Limitations and Future Directions

The major limitation of this study is that it was performed on a single clinical sample of patients with anxiety and mood disorders. So far, LIBET has not been tested on other disorders of psychotherapeutic interest, such as personality disorders. The results of this study confirming the diathesis–stress model of CBT and validating the LIBET case formulation procedure can therefore currently only be considered valid for this clinical area. On the other hand, we note that the CBT diathesis–stress model was designed by Beck for depression and anxiety disorders. The practical reason for this choice is that our research group started the validation of LIBET because it works in collaboration with a group of CBT-trained therapists working with patients with this type of diagnosis. Of course, the next steps include the application of the LIBET model to other diagnoses, starting with personality disorders. It is possible that in different samples the structure of LIBET may change. In particular, it is possible that the semi-adaptive immunizing plan differs in subgroups. Its nature is already hybrid, as there are either self-rewarding or aggressive behavior types.

Another possible limitation of this study is that we have not yet included in the model reported in Table 1 cognitive models that do not specifically focus on a self-belief, such as the intolerance of uncertainty outlined by Michel Dugas (Dugas et al., 2004) or the REBT model by Albert Ellis (DiGiuseppe et al., 2014; Ellis & Grieger, 1986). This is because these models focus more on other components of the psychopathological mechanism, components that make them more akin to “third wave” processes than to cognitive contents such as self-beliefs. These processes will be included in the above-mentioned third level of LIBET, which will be presented and validated in the next publication.

Important aspects of reliability and validity remain to be measured; however, we can report here that the inter-rater reliability of the LIBET interview version validated in this study was measured on 30 patients evaluated twice by two raters, AB and CR, in order to calculate the K Cohen index, which was equal to 0.9. Another direction for development is the construction—already started—of a self-administered measurement of LIBET that makes its evaluation more agile.

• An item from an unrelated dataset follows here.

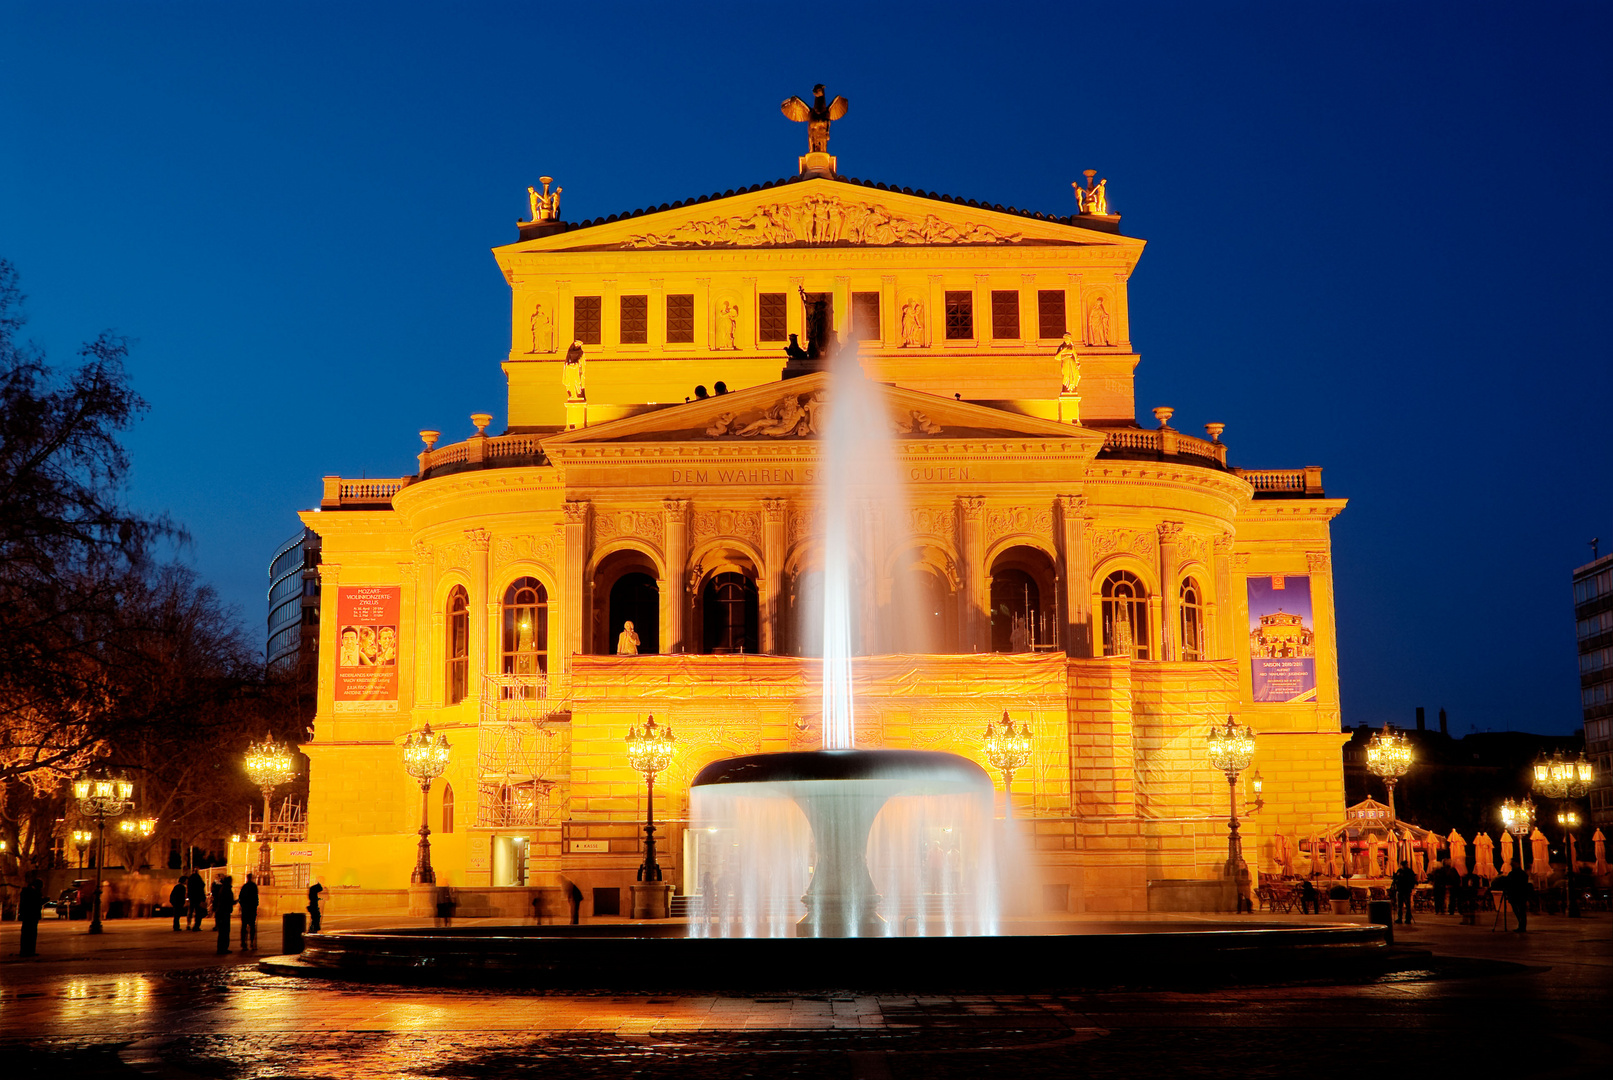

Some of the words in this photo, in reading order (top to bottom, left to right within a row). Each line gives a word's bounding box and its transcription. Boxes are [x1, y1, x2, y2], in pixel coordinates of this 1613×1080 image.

The development of LIBET is just at its beginning, and many steps remain to be taken. We have not yet presented data from the third level of evaluating LIBET, which is to be added to the themes and plans: that of the processes. Once added, LIBET will contain evolutionary aspects (in themes), standard cognitive aspects (in themes and plans) and process aspects (in processes) integrating constructivism, standard CBT, and the “third wave”. Despite these limitations, the LIBET procedure holds considerable promise in helping to validate the CBT diathesis–stress model.